脅威と脆弱性とリスクの関係
情報セキュリティマネジメントシステム(ISMS)やプライバシーマーク(Pマーク)の運用において、「リスク」を正しく評価し対策を講じることは最も重要なプロセスの一つです。
しかし、実務の中で「脅威」や「脆弱性」といった言葉が混同されたり、それらがどのように関連して「リスク」を形成しているのかが曖昧になったりすることも少なくありません。
本記事では、情報セキュリティの根幹をなす3つの概念とその相関関係について分かりやすく解説します。

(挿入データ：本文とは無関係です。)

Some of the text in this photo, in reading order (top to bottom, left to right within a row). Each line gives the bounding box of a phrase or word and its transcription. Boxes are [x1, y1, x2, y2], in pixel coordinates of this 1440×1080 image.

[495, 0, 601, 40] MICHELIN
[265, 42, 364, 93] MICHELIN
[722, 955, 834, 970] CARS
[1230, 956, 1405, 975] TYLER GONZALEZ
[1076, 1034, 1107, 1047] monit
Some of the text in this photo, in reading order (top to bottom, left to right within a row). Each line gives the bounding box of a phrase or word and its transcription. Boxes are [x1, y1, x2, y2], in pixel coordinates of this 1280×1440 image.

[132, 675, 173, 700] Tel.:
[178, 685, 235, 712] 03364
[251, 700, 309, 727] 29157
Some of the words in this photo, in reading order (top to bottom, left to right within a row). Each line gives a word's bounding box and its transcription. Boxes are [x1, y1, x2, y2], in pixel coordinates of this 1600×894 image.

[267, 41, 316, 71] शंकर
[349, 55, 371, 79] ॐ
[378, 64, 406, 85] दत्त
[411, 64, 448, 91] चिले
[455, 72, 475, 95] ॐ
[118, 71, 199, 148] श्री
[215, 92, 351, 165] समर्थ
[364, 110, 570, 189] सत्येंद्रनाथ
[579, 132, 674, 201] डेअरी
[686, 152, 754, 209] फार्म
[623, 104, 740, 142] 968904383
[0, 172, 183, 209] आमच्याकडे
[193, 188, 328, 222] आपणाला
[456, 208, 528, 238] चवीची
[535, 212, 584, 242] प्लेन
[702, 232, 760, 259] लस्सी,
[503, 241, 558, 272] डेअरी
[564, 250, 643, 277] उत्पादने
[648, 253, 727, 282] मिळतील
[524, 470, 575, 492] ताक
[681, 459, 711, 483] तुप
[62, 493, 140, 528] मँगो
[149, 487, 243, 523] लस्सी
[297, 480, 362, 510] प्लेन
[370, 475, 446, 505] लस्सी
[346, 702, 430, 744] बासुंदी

セキュリティ対策は、単にツールを導入することではなく、自社の資産に潜む脆弱性を把握し、脅威が入り込む隙をいかに最小化するかという考え方が不可欠です。適切なリスクアセスメントを実施し、実効性のあるセキュリティ体制を構築するための基礎知識として、ぜひ本資料をご活用ください。

1. 脅威とは
脅威とは、それに悪意が伴うかに関係なく、結果的に組織が保有する情報資産に対して害を及ぼす、または発生する可能性のある事象をいいます。
盗難や不正アクセス、紛失、操作ミス、故障などの他に、地震や火災、洪水といったものも脅威と考えられます。
2. 脆弱性とは
組織の情報資産は、多くの脅威にさらされています。
脆弱性とは、組織の情報セキュリティ体制上、これらの脅威に対する攻撃に弱い状態のことを指します。
第三者が脅威となる行為(システムの乗っ取りや機密情報の漏洩など)やを行うことができる欠陥や仕様上の問題点といったシステム上の問題点や、機密情報の管理体制が整っていないなどといった人間の振る舞いに関する問題点も脆弱性となり得ます。
3. リスクとは
リスクとは、組織の情報セキュリティの脆弱な部分を付いて脅威が侵入し、情報資産の漏えいなどといった被害を及ぼす可能性のことを言います。情報セキュリティが100%完全なものであるならば、リスクは0と言えますが、そのようなことはほとんどなく、組織は常にこのリスクを考慮し、低減するために情報セキュリティを構築することになります。